Figure 3. β Cell–specific deletion of 14-3-3ζ enhances glucose-induced insulin secretion in vivo and increases β cell proliferation.

(A) Generation of β cell–specific 14-3-3–KO mice (Cre⁺ Flox) was accomplished by breeding Ins1Cre^Thor mice with mice harboring floxed alleles of Ywhaz. (B) Isolated mRNA from islets from Cre⁺ Flox mice and their littermate controls (Cre⁺ WT) were subjected to qPCR analysis for Ywhaz mRNA levels (n = 3 per genotype; ***P < 0.001) (C) Immunofluorescence staining for insulin and 14-3-3ζ on Cre⁺ WT and Cre⁺ Flox pancreatic sections (representative images of n = 3 mice per genotype).

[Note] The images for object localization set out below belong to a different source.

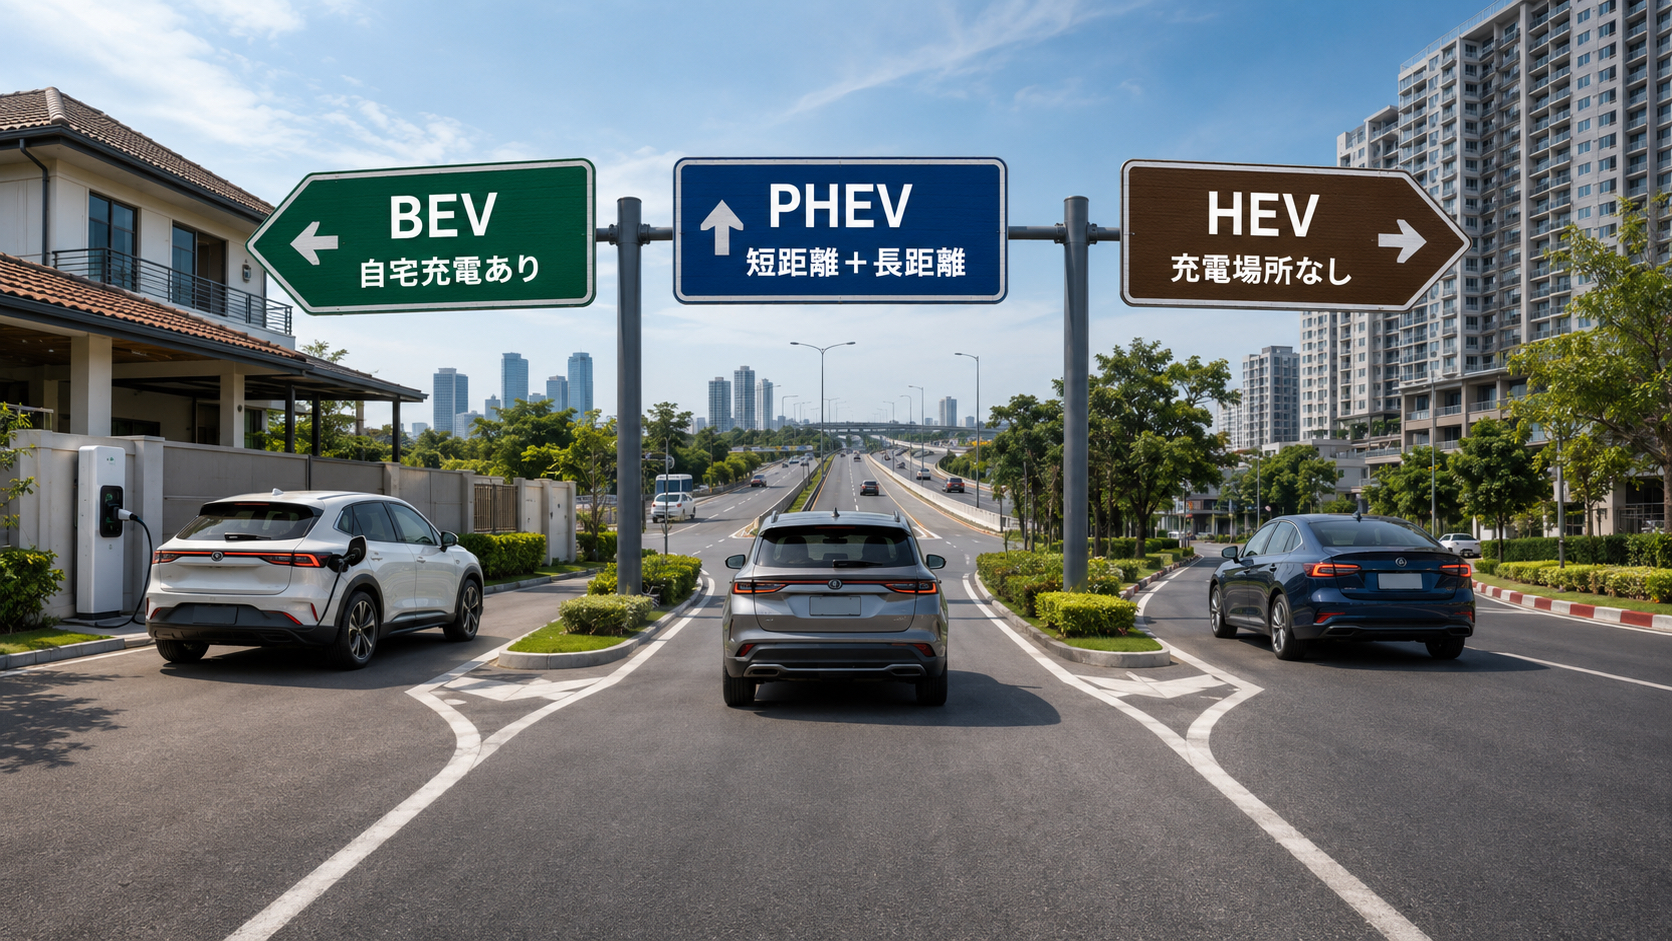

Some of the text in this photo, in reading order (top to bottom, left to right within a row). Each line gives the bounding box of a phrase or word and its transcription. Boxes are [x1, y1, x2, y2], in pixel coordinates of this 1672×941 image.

[391, 192, 498, 239] BEV
[770, 184, 913, 228] PHEV
[1209, 191, 1320, 238] HEV
[361, 255, 539, 288] 自宅充電あり
[1171, 253, 1352, 286] 充電場所なし
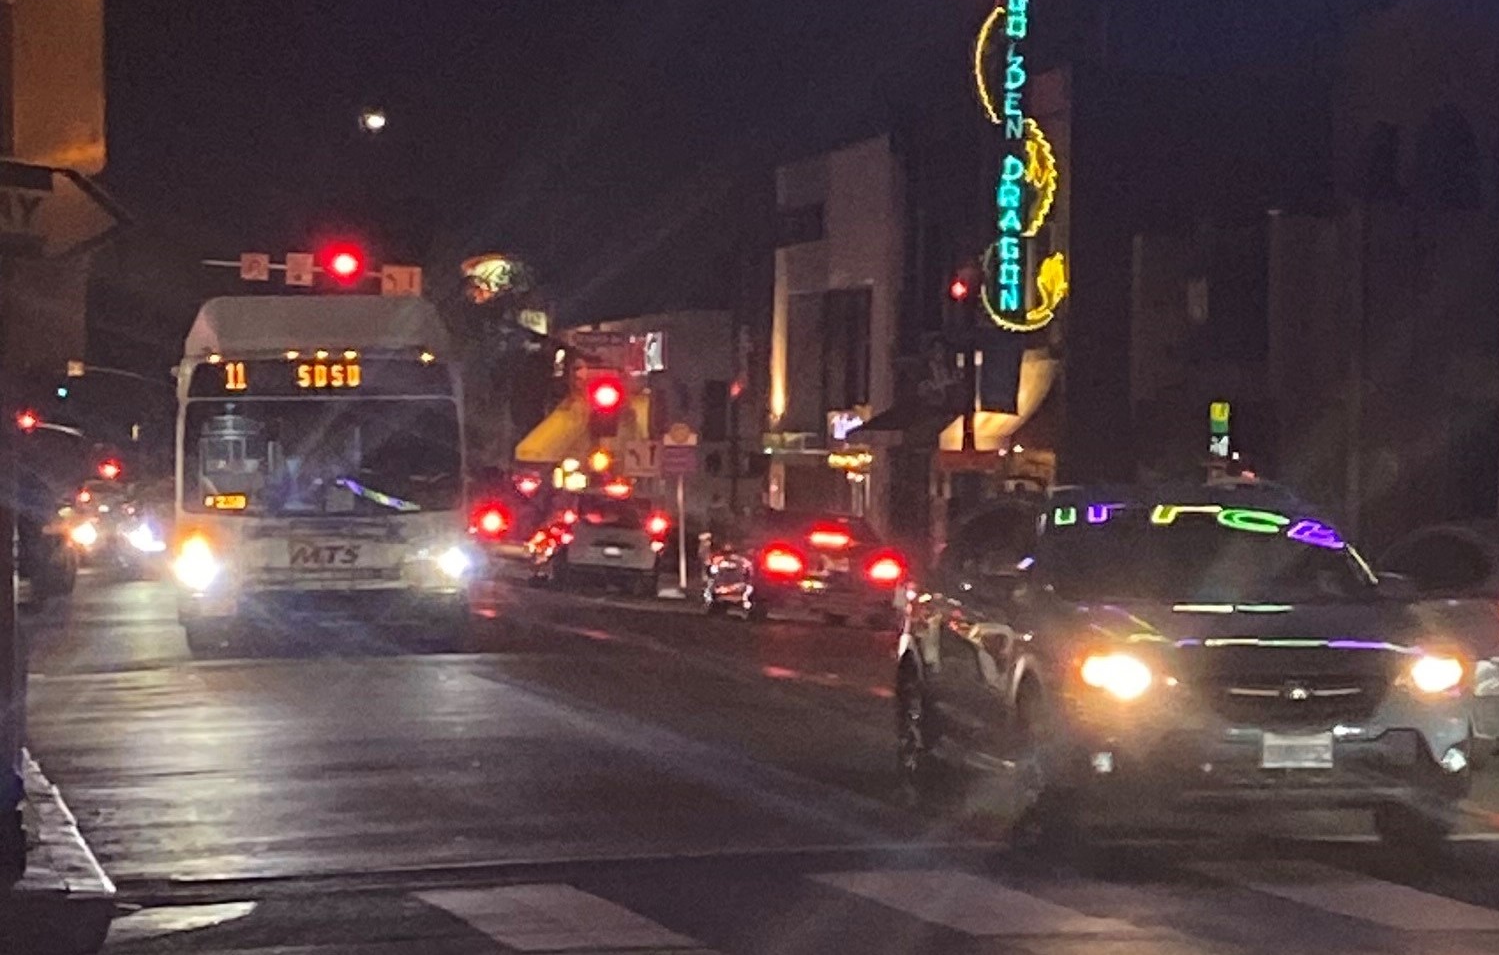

Magnification ×20. Scale bar = 100 μm. (D and E) No differences in glucose (D) or insulin (E) tolerance were observed in Cre⁺ Flox mice following i.p. injections of glucose (2 g/kg) or insulin (0.75 IU/kg), respectively (n = 5–9 mice per genotype). (F and G) Cre⁺ Flox mice displayed potentiated insulin secretion (F) following i.p. glucose (2 g/kg) injections, and no differences were observed in circulating glucagon (G) (n = 5–9 per genotype; *P < 0.05). (H and I) Pancreatic tissue from 12-week-old Cre⁺ WT and Cre⁺ Flox mice were collected, and β cell mass (H) and islet size distribution (I) were determined (n = 5–6 mice, 4 sections per mouse). Scale bar: 800 μm. (J and K) β Cell proliferation was measured by coimmunostaining for PCNA⁺ (J, n = 3 per genotype; *P < 0.05; scale bar: 100 μm) or Ki-67⁺ β cells (K, n = 3 per genotype; **P < 0.01; scale bar: 100 μm). White arrows denote positive cells. (L) TUNEL⁺ apoptotic β cells (white arrows) were measured in 4 pancreatic sections from Cre⁺ WT and Cre⁺ Flox mice. Scale bar: 100 μm. White arrows denote positive cells. Significance was determined by unpaired, 2-tailed Student’s t test (B, J, K, and L) or by 2-way ANOVA, followed by Tukey’s multiple-comparison test (F).